• _TASK BRIEF_
The output consists only of the lines from the one with "Some of the words" through the end of the records, each printed exactly, and contains no pictures.

======

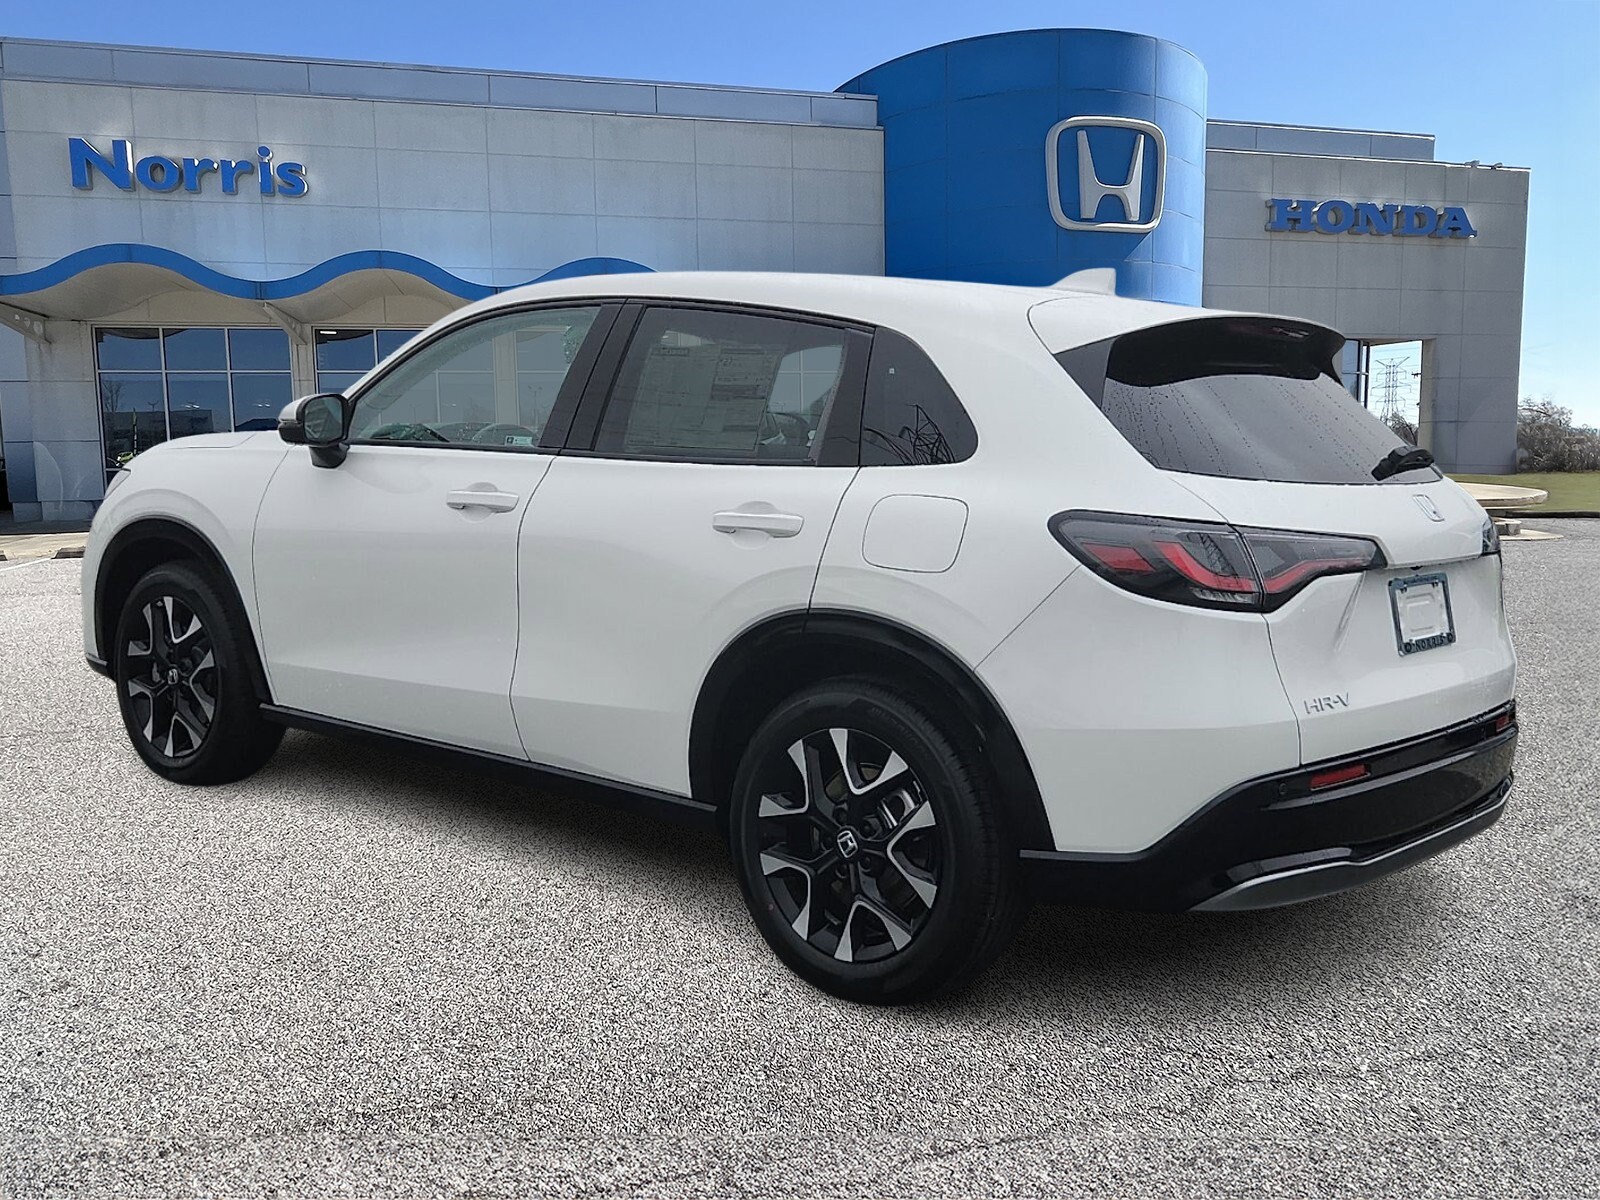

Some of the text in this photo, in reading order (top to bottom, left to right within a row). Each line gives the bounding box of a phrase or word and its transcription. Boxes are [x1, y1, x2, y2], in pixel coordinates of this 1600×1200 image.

[69, 137, 308, 197] Norris
[1266, 198, 1477, 238] HONDA
[1415, 635, 1445, 651] NORRIS
[1304, 693, 1349, 714] HR-V
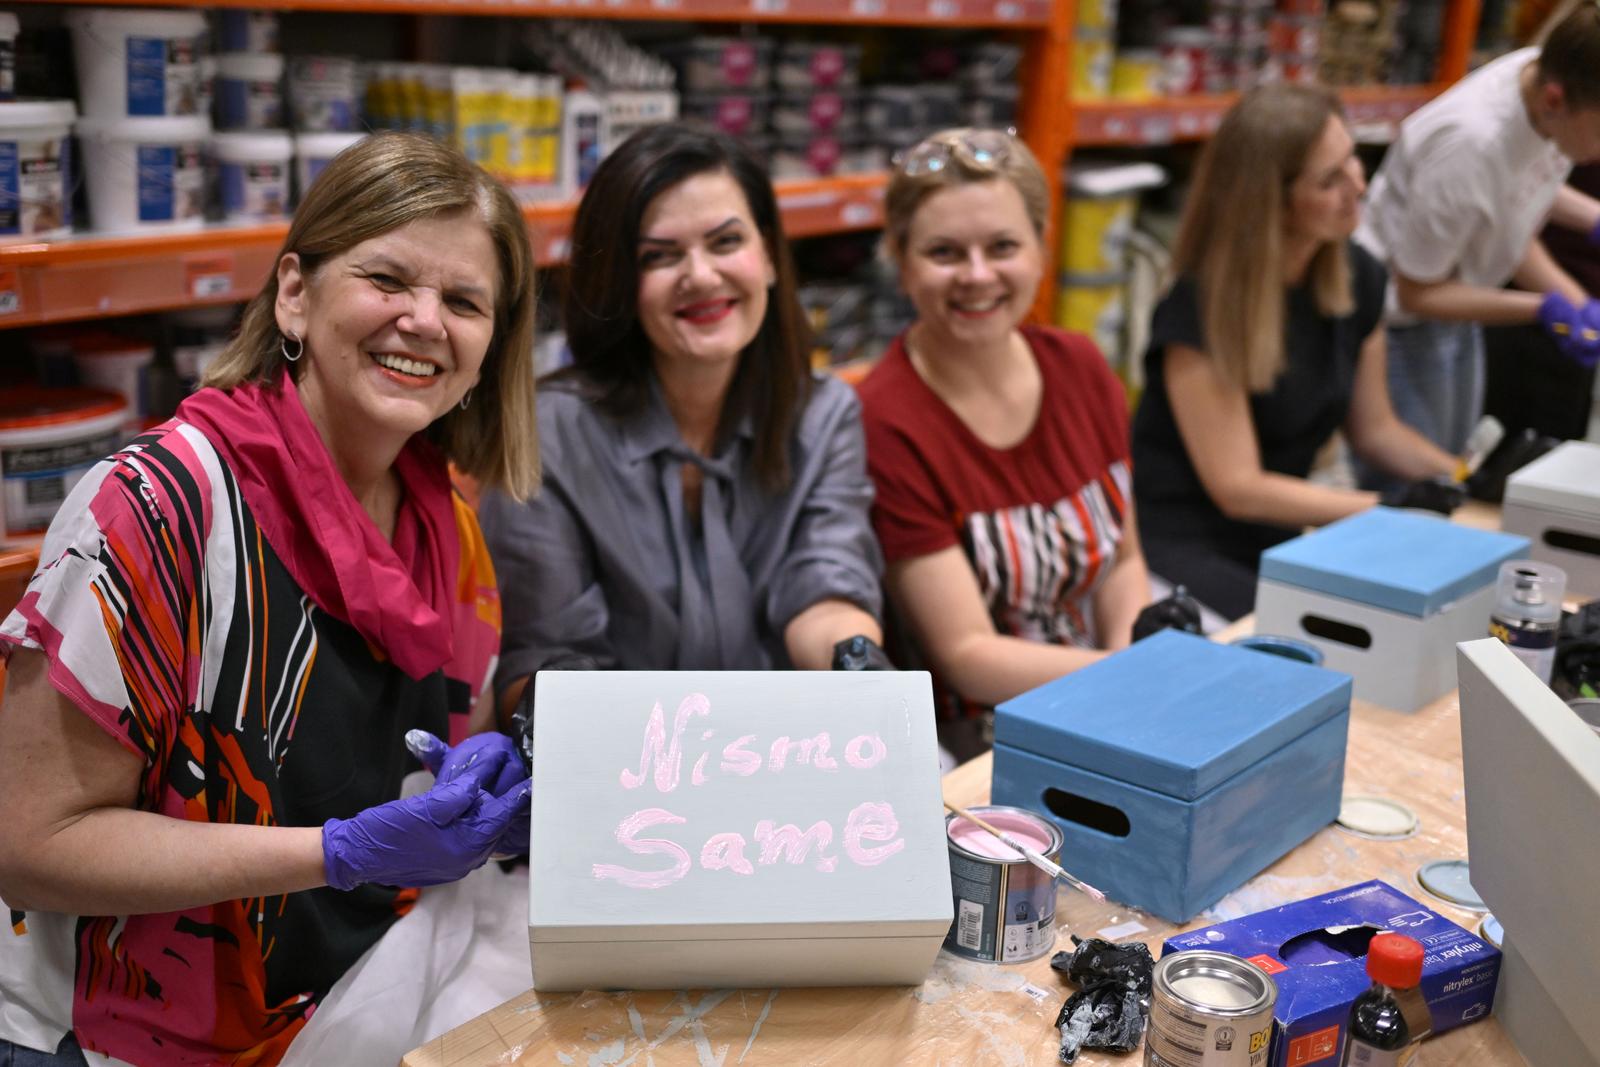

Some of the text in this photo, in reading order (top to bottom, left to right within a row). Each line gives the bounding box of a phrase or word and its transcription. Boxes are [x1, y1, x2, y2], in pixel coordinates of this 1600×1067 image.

[619, 692, 887, 793] Nismo
[592, 801, 905, 889] Same
[1440, 942, 1484, 960] nitrylex
[1443, 976, 1474, 993] nitrylex
[1249, 1024, 1272, 1054] BO
[1296, 1046, 1303, 1060] L
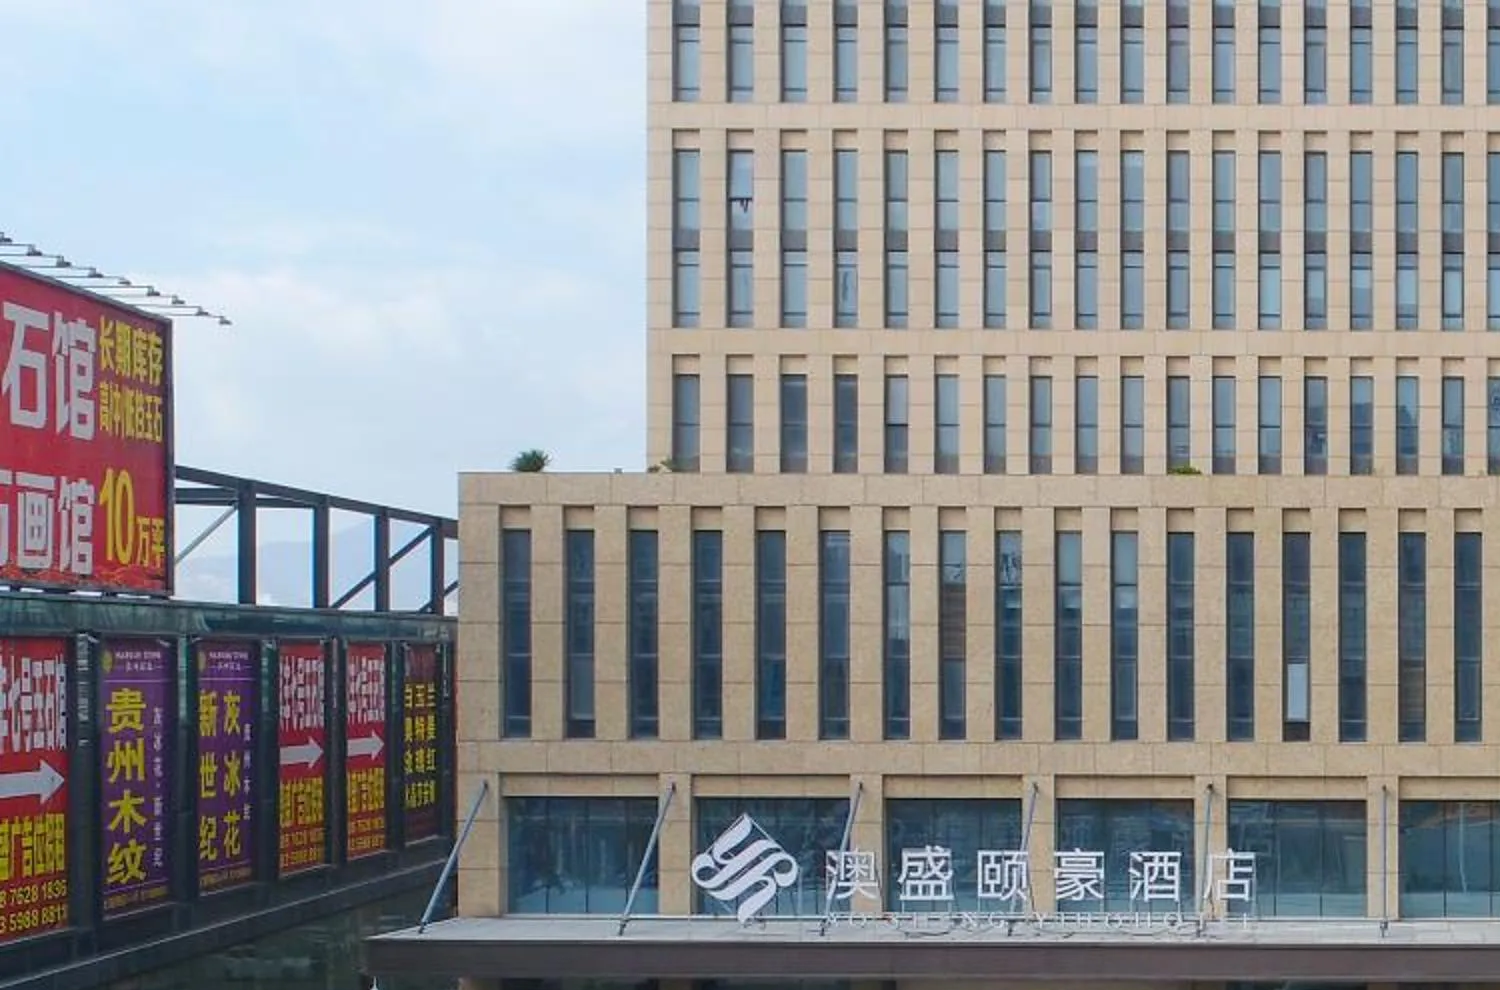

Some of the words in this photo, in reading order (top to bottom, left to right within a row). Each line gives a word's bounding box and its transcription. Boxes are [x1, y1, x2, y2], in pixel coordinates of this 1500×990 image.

[2, 301, 96, 441] 石馆
[99, 314, 163, 386] 长期库存
[105, 688, 147, 885] 贵州木纹
[199, 690, 219, 862] 新世纪
[825, 844, 1258, 903] 澳盛颐豪酒店
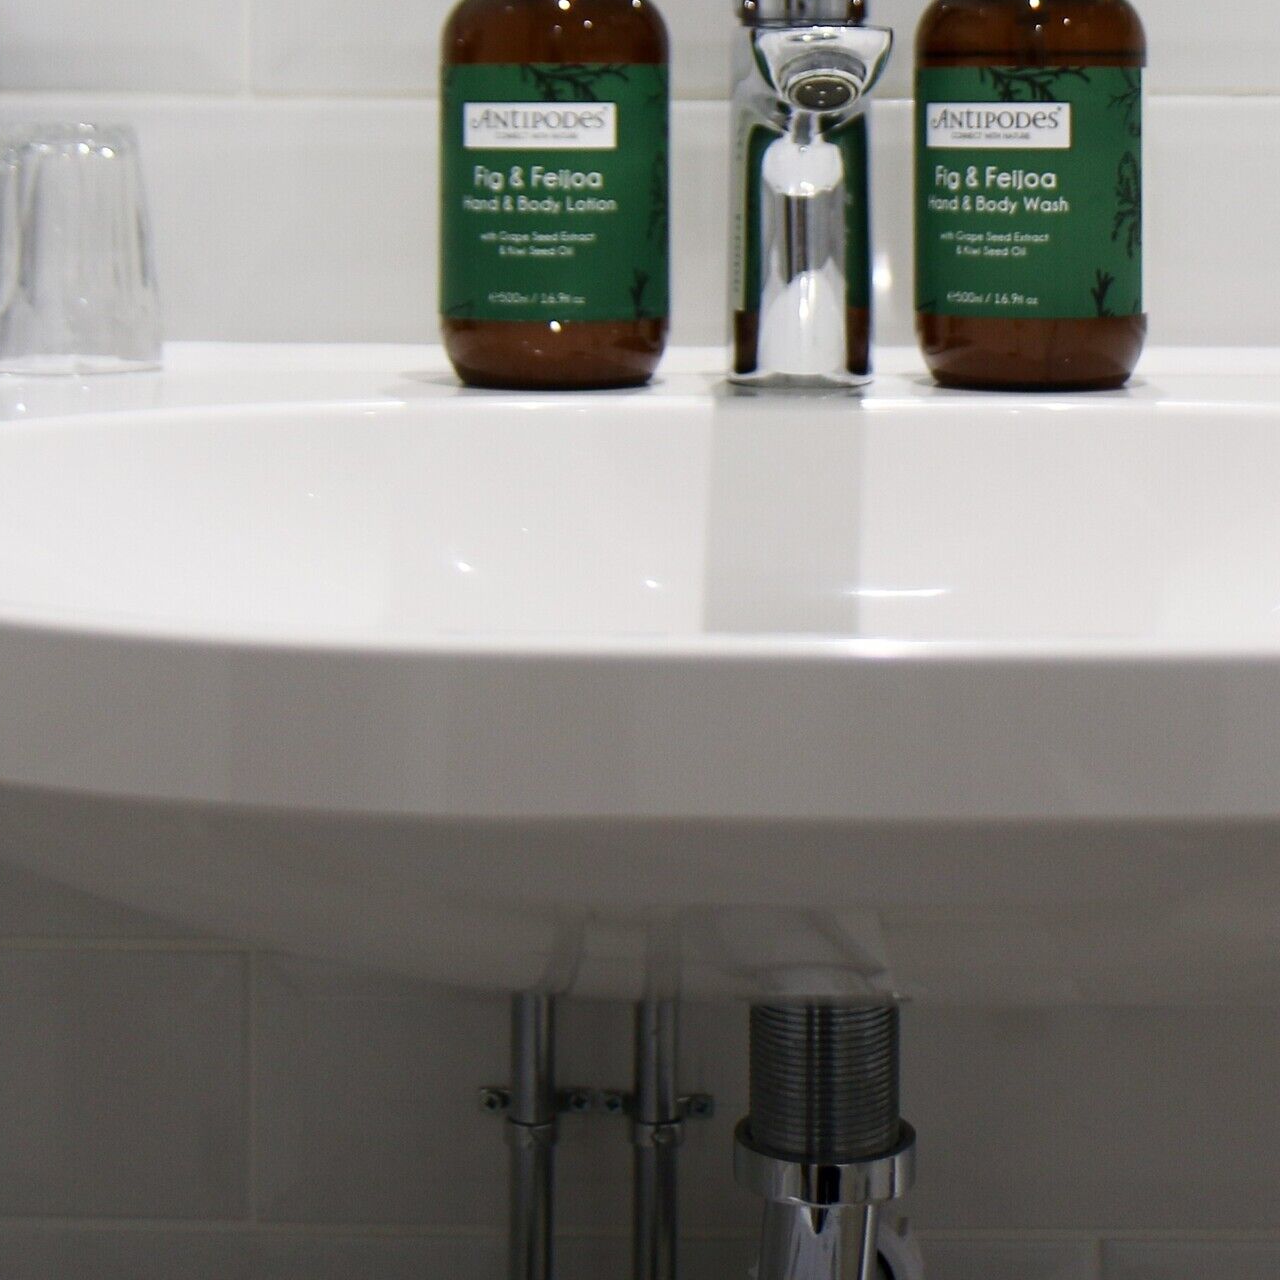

======

• _RESULT_
Some of the words in this photo, in reading order (top to bottom, left to right within a row). Each line gives a word's bounding box and its transcription. Boxes are [x1, y1, x2, y2], in pixel coordinates of this 1500×990 image.

[2, 301, 96, 441] 石馆
[99, 314, 163, 386] 长期库存
[105, 688, 147, 885] 贵州木纹
[199, 690, 219, 862] 新世纪
[825, 844, 1258, 903] 澳盛颐豪酒店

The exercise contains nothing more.